Definitely there are more changes coming to what is on the branch right. Mostly cleaning up the code and actually making sure there's no space for nasty surprises. Then, it will go back to adding features again.
@pt300 @themobiusproject I just checked out the experimental branch that contains this patch. However, now example/simple.c doesn't parse the JSON in it anymore. This here still works:
{"user": "johndoe", "admin": false, "uid": 1000, "groups": ["users"]}
but this here won't parse anymore:
{"user": "johndoe", "admin": false, "uid": 1000, "groups": ["users", "wheel", "audio", "video"]}
This are the warnings during compilation and the (invalid) result of the run:
holger@holger:~/jsmn$ gcc -Wall -Wextra -oa example/simple.c
example/simple.c: In function ‘jsoneq’:
example/simple.c:16:50: warning: comparison of integer expressions of different signedness: ‘int’ and ‘jsmnint’ {aka ‘unsigned int’} [-Wsign-compare]
16 | if (tok->type == JSMN_STRING && (int)strlen(s) == tok->end - tok->start &&
| ^~
example/simple.c: In function ‘main’:
example/simple.c:66:21: warning: comparison of integer expressions of different signedness: ‘int’ and ‘jsmnint’ {aka ‘unsigned int’} [-Wsign-compare]

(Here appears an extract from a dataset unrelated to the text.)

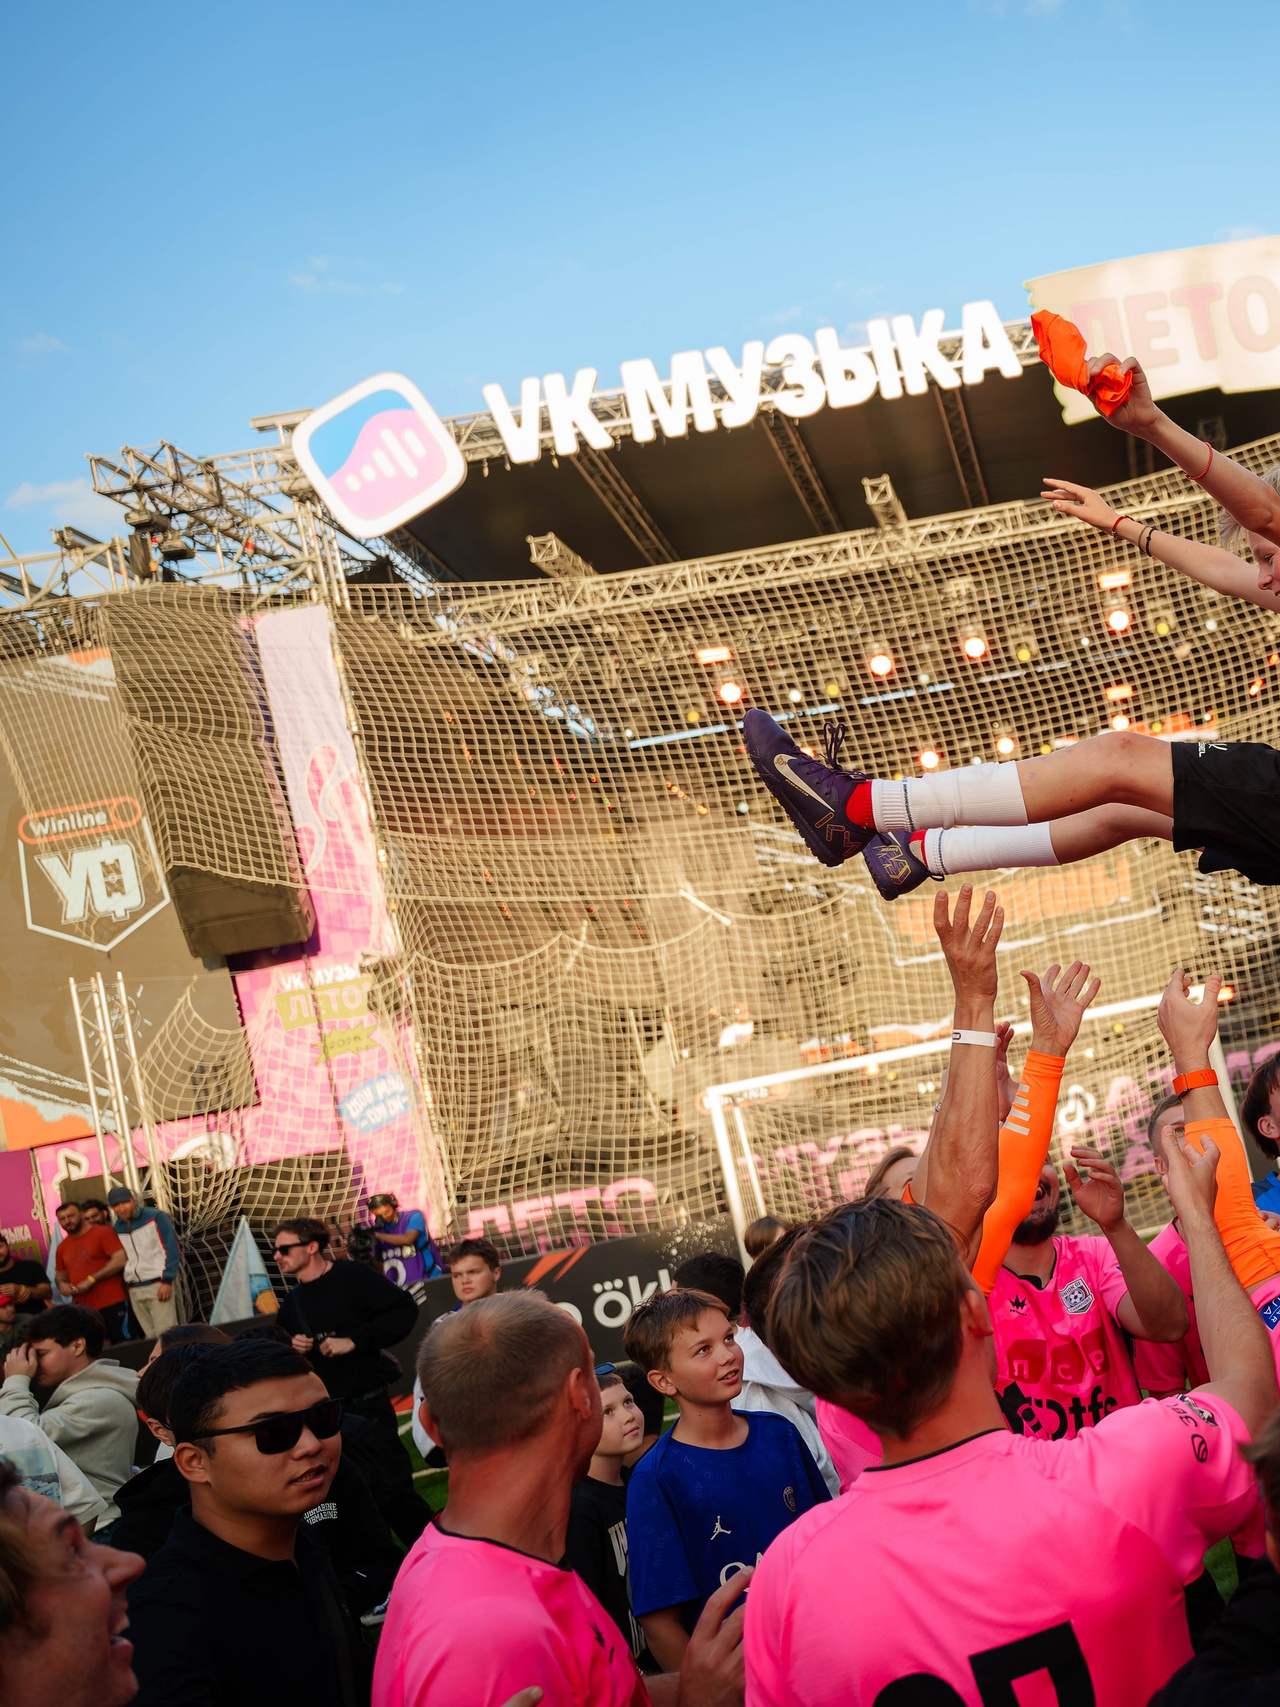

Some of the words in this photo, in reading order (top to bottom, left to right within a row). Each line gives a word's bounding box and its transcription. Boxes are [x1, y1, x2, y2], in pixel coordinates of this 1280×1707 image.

[483, 367, 614, 464] VK
[620, 300, 1023, 444] МУЗЫКА
[29, 810, 108, 838] Winline

66 | for (j = 0; j < t[i + 1].size; j++) {
| ^
holger@holger:~/jsmn$ ./a
Failed to parse JSON: -3
I also tried then PRs 194-196 on top of master. And with that, the example/simple.c still runs.
@holgerschurig I just added the json from the simple.c to my tests and it parses. You can check 0560339. When @pt300 merged my code, he grabbed it before 9f7e9de1 which did leave an error in parsing. That commit needs to be applied to the experimental branch and it should fix the problem.
As for the files in the example, I only ever touch explode.c because I wrote that one along with the jsmn_explodeJSON
function associated with it. You can copy JSON_STRING
from simple.c (or your unescaped version in your previous comment) into library.json in the root directory and run explode
from the examples folder, it will parse and show more information than you will probably want to see.
Sorry again for the inactivity.
This looks odd, as I remember the tests were passing. I will make sure to look into this tomorrow and put the patch in.
I also really wanted to simplify some parts of the parsing, such as reparsing some tokens from the beginning instead of trying to continue parsing. Should cut down complexity without major performance hit + make the code easier to maintain and more difficult to break. But, you can see how well it's going. Hope you can forgive me.
I have applied the changes, but there seem to be still an issue with parsing. I will have to revisit it some other time.